Brief:
Would you give the listing again exactly, without its images?

Raw data:
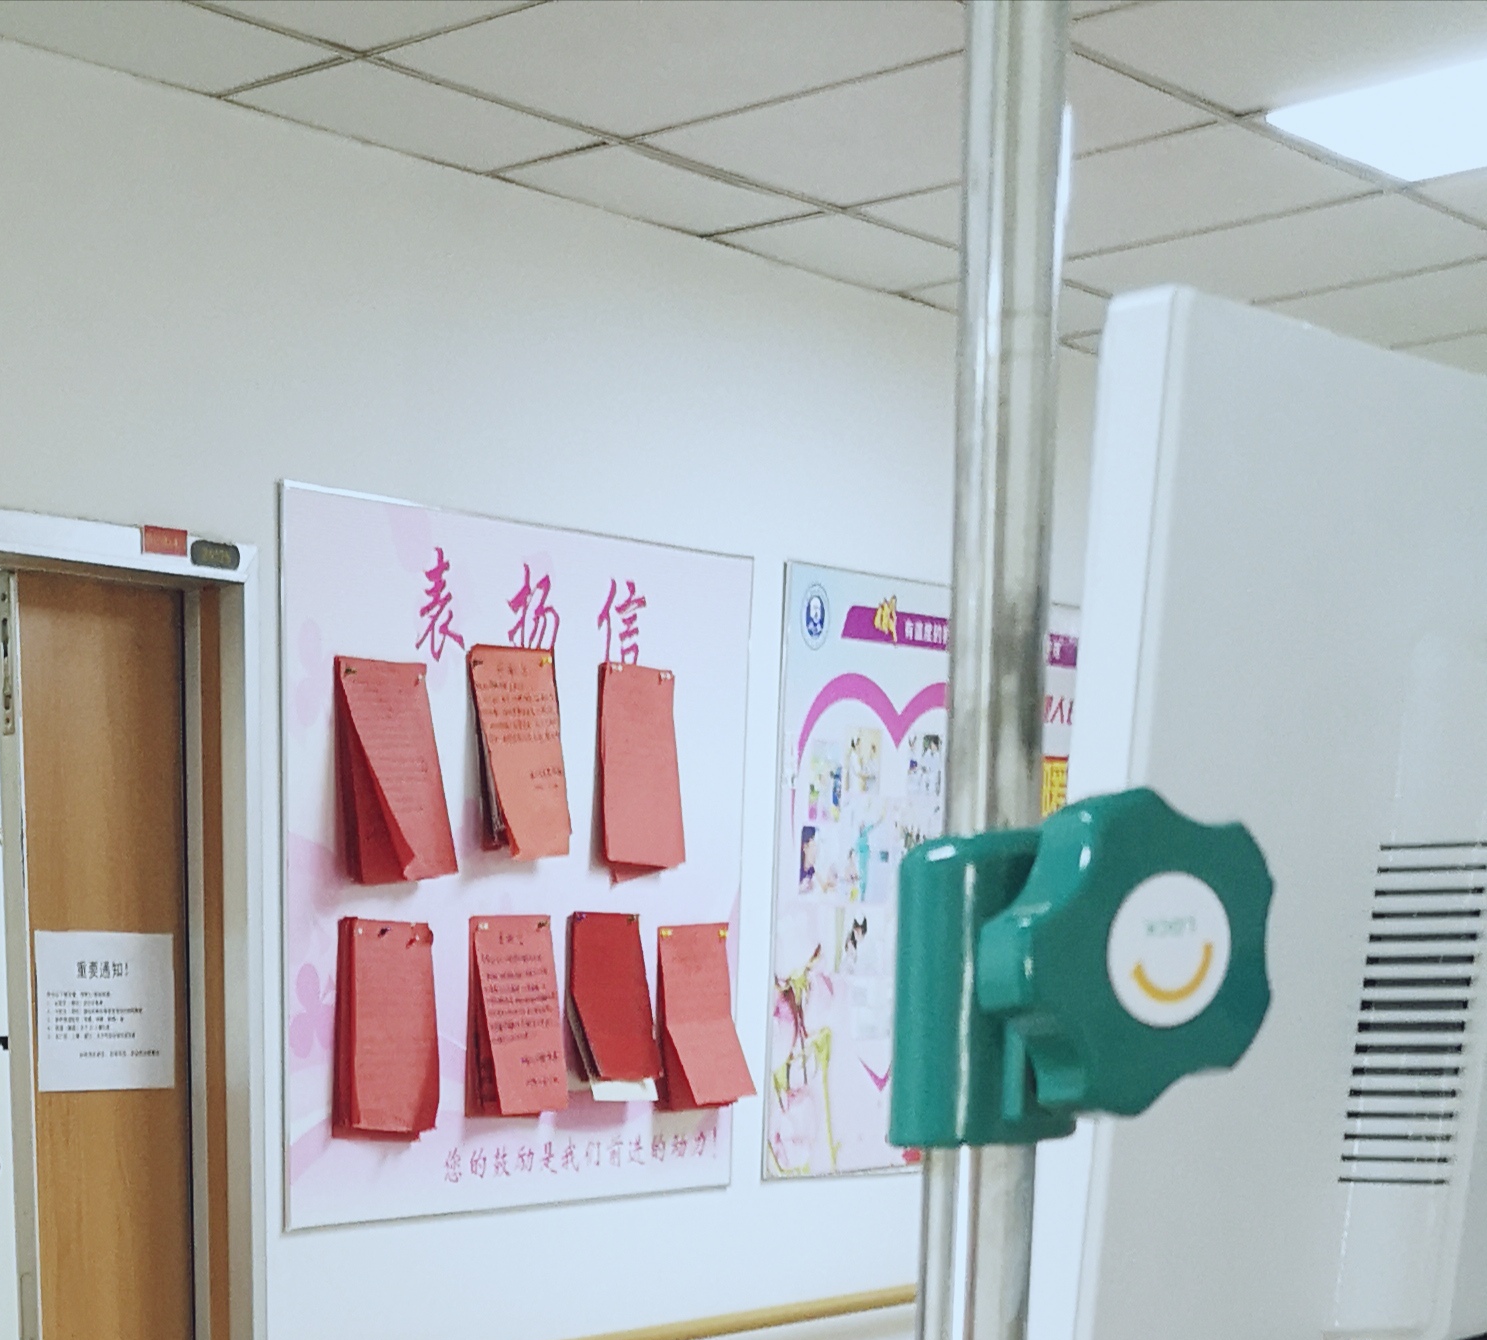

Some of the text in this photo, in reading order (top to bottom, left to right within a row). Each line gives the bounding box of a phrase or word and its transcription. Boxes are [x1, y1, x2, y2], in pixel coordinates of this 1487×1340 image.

[415, 546, 646, 664] 表扬信
[76, 960, 130, 980] 重要通知!
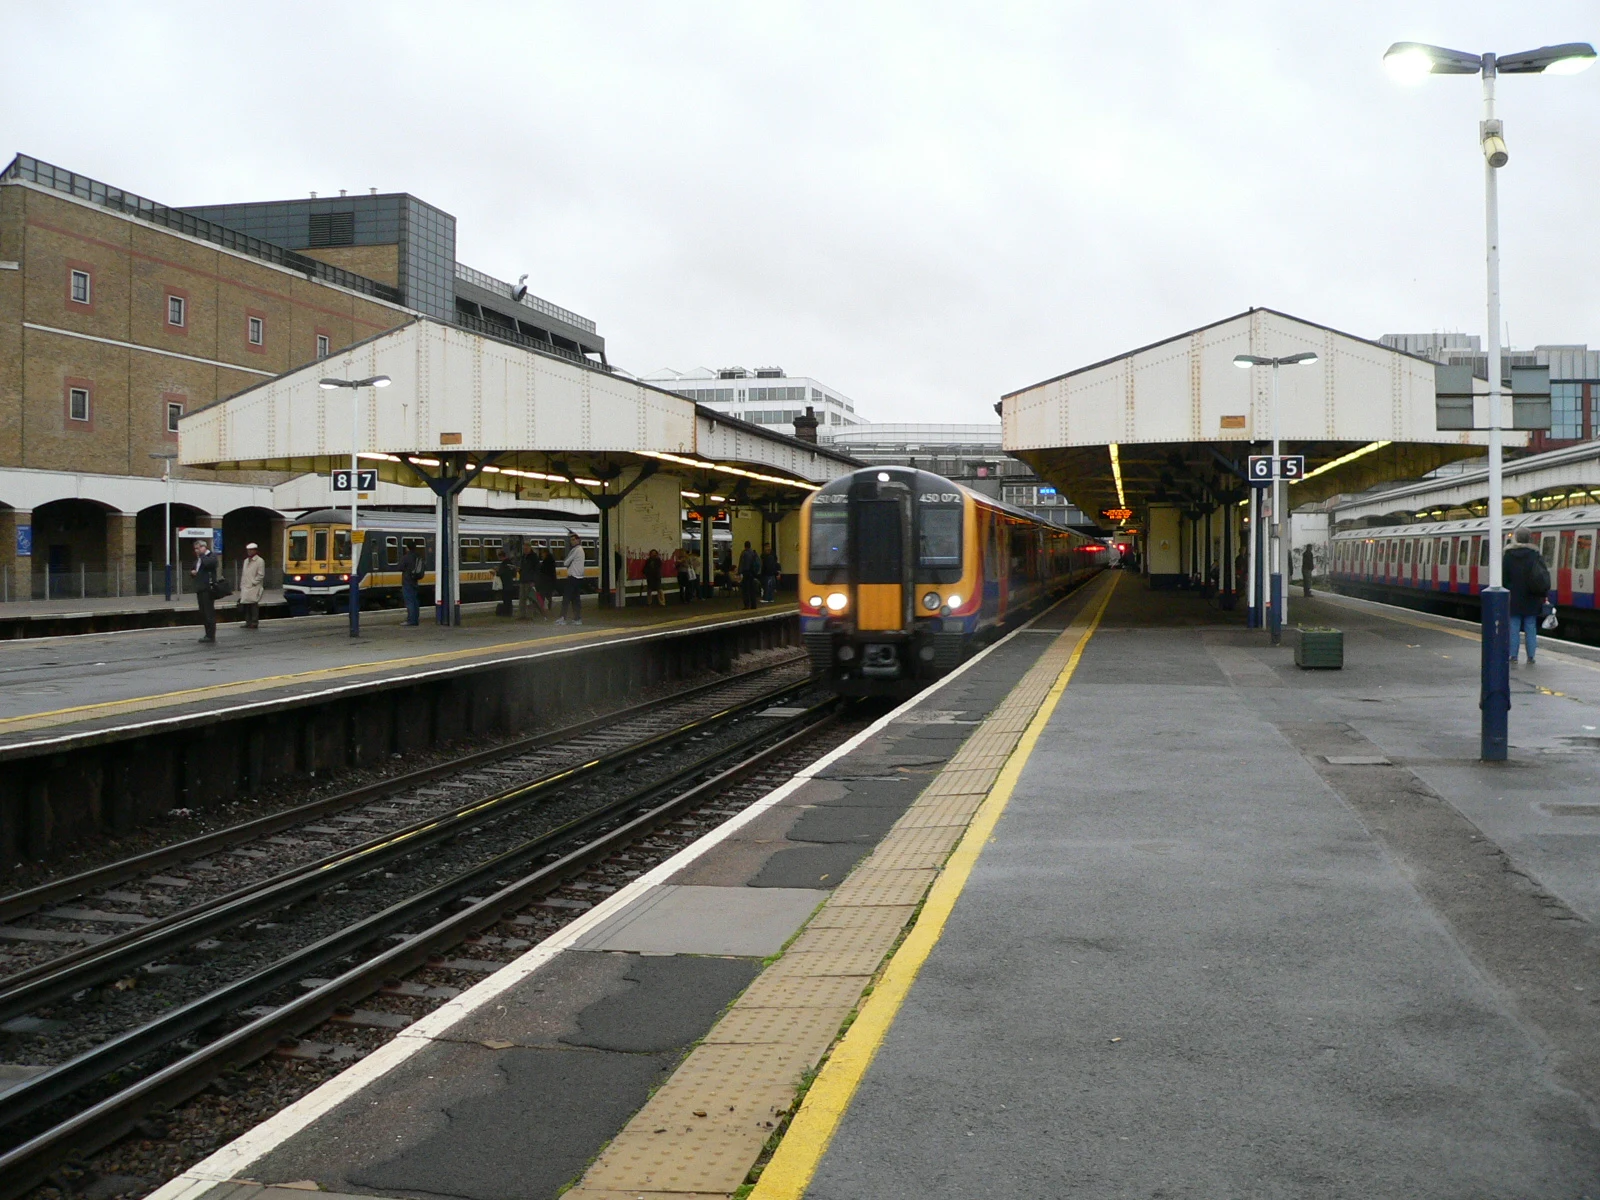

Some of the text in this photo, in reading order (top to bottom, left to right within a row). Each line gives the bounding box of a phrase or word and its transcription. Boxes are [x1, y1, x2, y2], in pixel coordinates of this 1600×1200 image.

[1255, 460, 1267, 476] 6
[1286, 460, 1297, 475] 5
[337, 474, 347, 488] 8
[362, 474, 372, 488] 7
[919, 493, 960, 503] 450 072
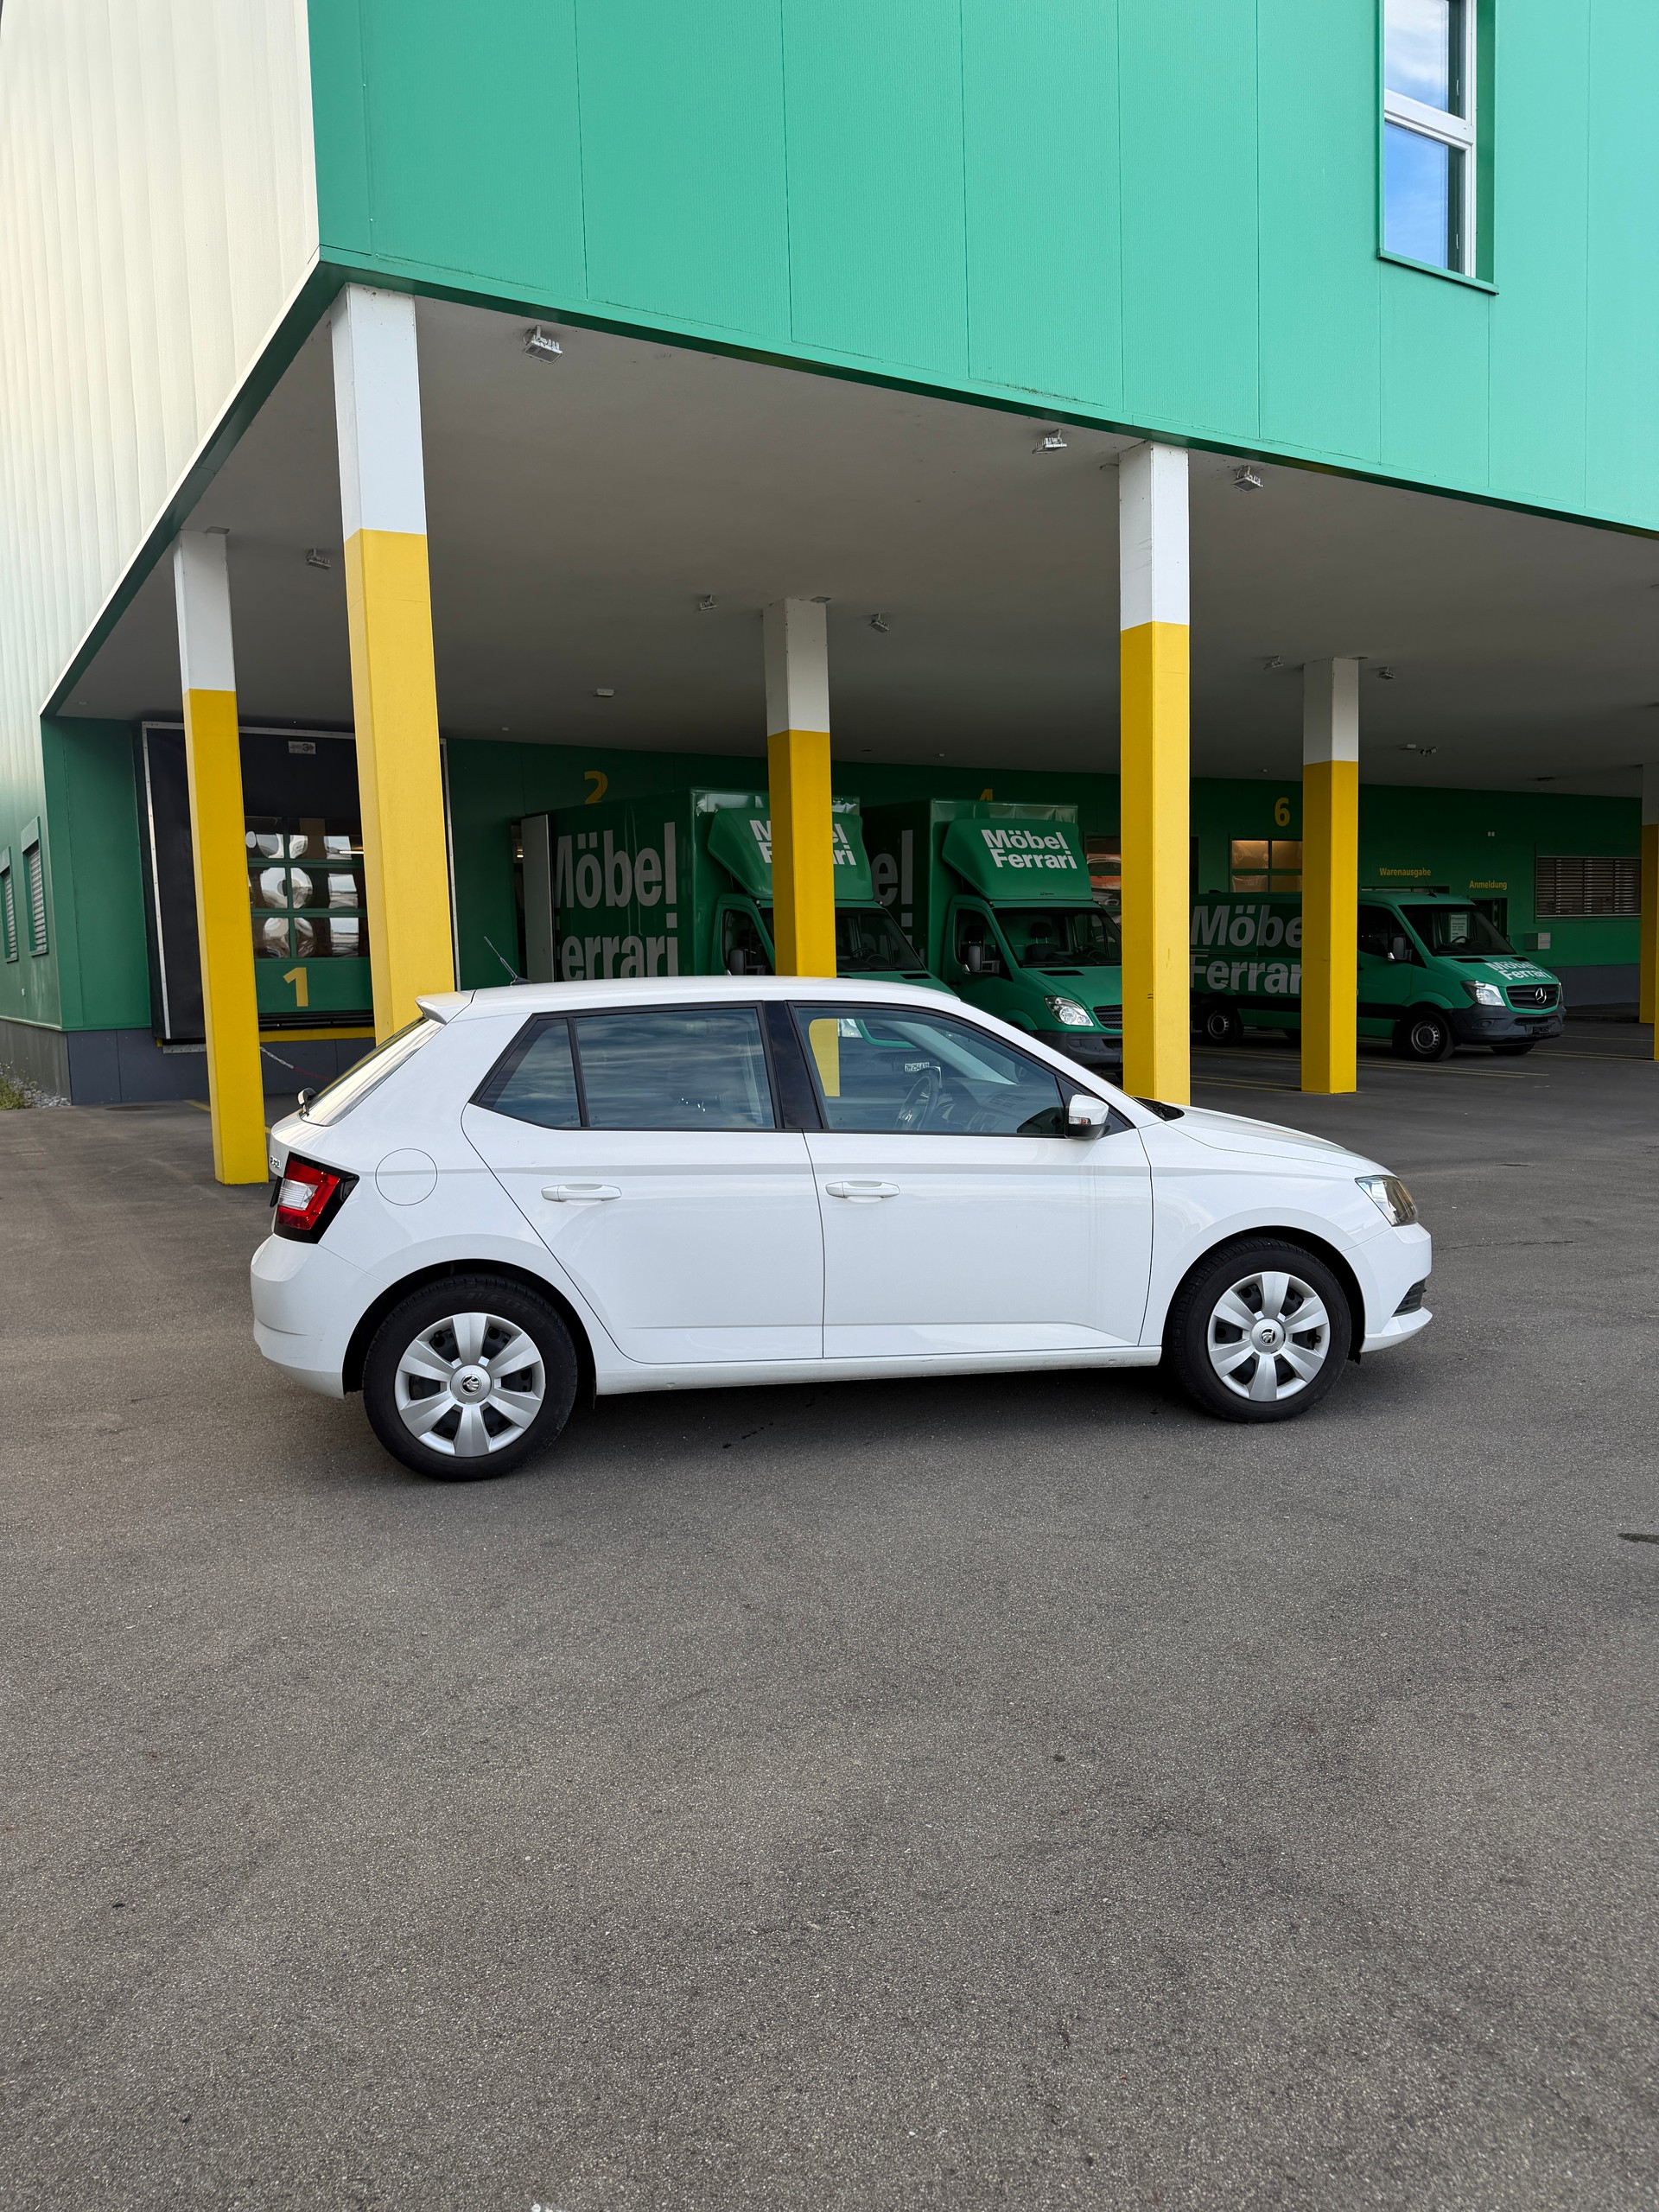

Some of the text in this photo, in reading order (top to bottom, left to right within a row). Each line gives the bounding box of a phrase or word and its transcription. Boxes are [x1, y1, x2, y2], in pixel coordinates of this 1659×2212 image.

[584, 771, 608, 804] 2
[1274, 797, 1291, 827] 6
[981, 829, 1069, 849] Möbel
[989, 849, 1078, 869] Ferrari
[1379, 868, 1432, 878] Warenausgabe
[1469, 880, 1508, 891] Anmeldung
[1190, 905, 1302, 949] Möbe
[1190, 948, 1302, 995] Ferrar
[1484, 961, 1539, 971] Möbel
[1497, 969, 1553, 981] Ferrari
[283, 967, 309, 1007] 1

Solution for this task:
Some of the text in this photo, in reading order (top to bottom, left to right within a row). Each line gives the bounding box of a phrase or word and its transcription. Boxes are [x1, y1, x2, y2], in pixel coordinates of this 1487×1340 image.

[415, 546, 646, 664] 表扬信
[76, 960, 130, 980] 重要通知!

Some of the text in this photo, in reading order (top to bottom, left to right within a row). Each line gives the bounding box of a phrase or word and its transcription. Boxes are [x1, y1, x2, y2], in pixel coordinates of this 1600×1200 image.

[1255, 460, 1267, 476] 6
[1286, 460, 1297, 475] 5
[337, 474, 347, 488] 8
[362, 474, 372, 488] 7
[919, 493, 960, 503] 450 072

Some of the text in this photo, in reading order (top to bottom, left to right within a row). Each line gives the bounding box of a phrase or word and its transcription. Boxes are [x1, y1, x2, y2], in pixel coordinates of this 1659×2212 image.

[584, 771, 608, 804] 2
[1274, 797, 1291, 827] 6
[981, 829, 1069, 849] Möbel
[989, 849, 1078, 869] Ferrari
[1379, 868, 1432, 878] Warenausgabe
[1469, 880, 1508, 891] Anmeldung
[1190, 905, 1302, 949] Möbe
[1190, 948, 1302, 995] Ferrar
[1484, 961, 1539, 971] Möbel
[1497, 969, 1553, 981] Ferrari
[283, 967, 309, 1007] 1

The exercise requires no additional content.